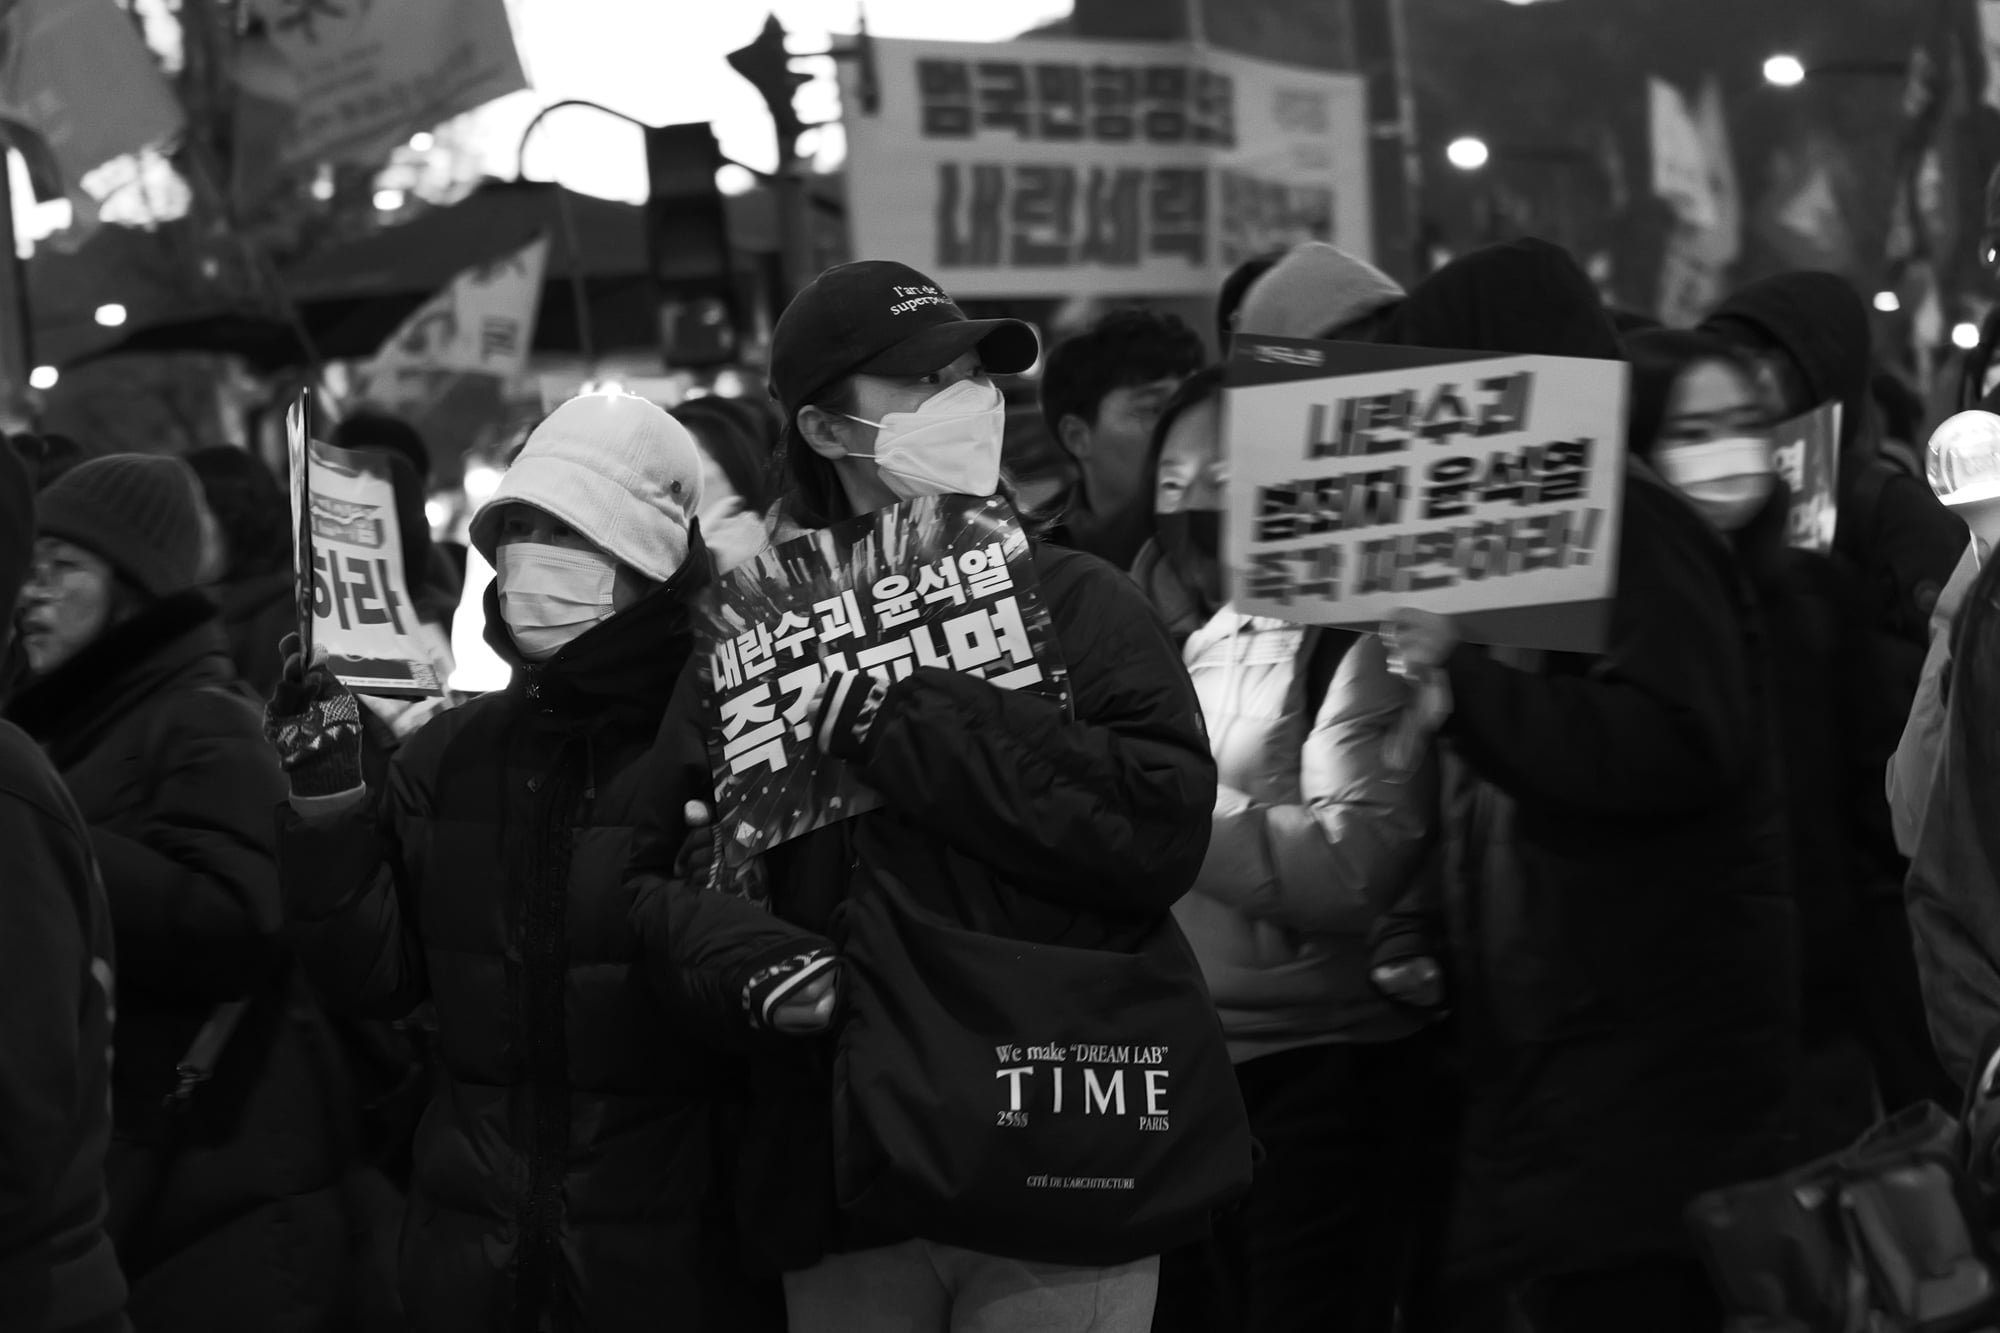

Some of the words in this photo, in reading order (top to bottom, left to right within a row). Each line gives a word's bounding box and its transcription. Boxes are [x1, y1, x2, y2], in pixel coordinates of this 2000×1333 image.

[1420, 436, 1596, 520] 윤석열
[710, 588, 867, 694] 내란수괴
[871, 542, 1015, 631] 윤석열
[996, 1045, 1022, 1063] We
[1028, 1042, 1066, 1061] make
[995, 1066, 1170, 1116] TIME
[1139, 1116, 1170, 1131] PARIS
[1027, 1174, 1047, 1187] CITÉ
[1050, 1176, 1062, 1188] DE
[1063, 1178, 1135, 1189] L'ARCHITECTURE
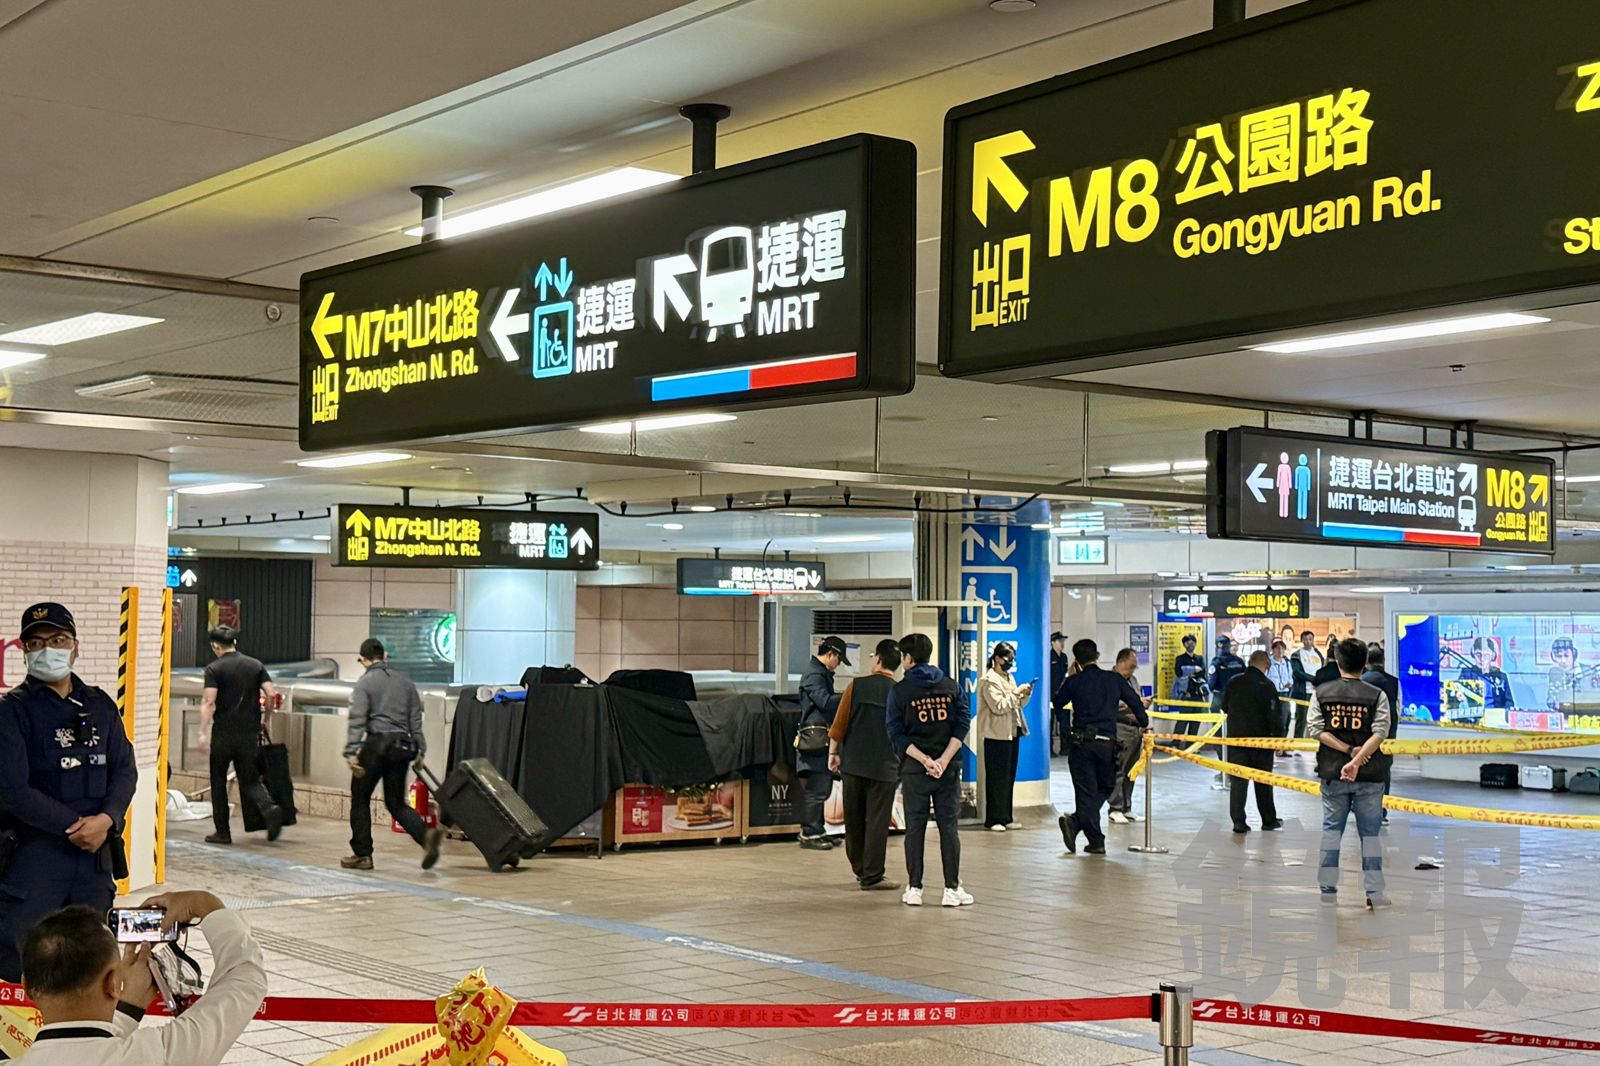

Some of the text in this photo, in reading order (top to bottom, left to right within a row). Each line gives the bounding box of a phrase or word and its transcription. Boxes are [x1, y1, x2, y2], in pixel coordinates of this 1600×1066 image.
----
▸ **Activity**:
With images omitted, output the data exactly as given.

▸ **Problem solution**:
Some of the words in this photo, in reading order (top to bottom, left to right within a row). Each line gives a word's bounding box and its transcription. Boxes are [x1, y1, x2, y2], in pixel coordinates of this 2000×1333 image.

[1420, 436, 1596, 520] 윤석열
[710, 588, 867, 694] 내란수괴
[871, 542, 1015, 631] 윤석열
[996, 1045, 1022, 1063] We
[1028, 1042, 1066, 1061] make
[995, 1066, 1170, 1116] TIME
[1139, 1116, 1170, 1131] PARIS
[1027, 1174, 1047, 1187] CITÉ
[1050, 1176, 1062, 1188] DE
[1063, 1178, 1135, 1189] L'ARCHITECTURE

Some of the text in this photo, in reading order (top to bottom, left to right within a row). Each line gives the bounding box of a phrase or word and its transcription. Boxes are [x1, y1, x2, y2], in pixel coordinates of this 1600×1066 image.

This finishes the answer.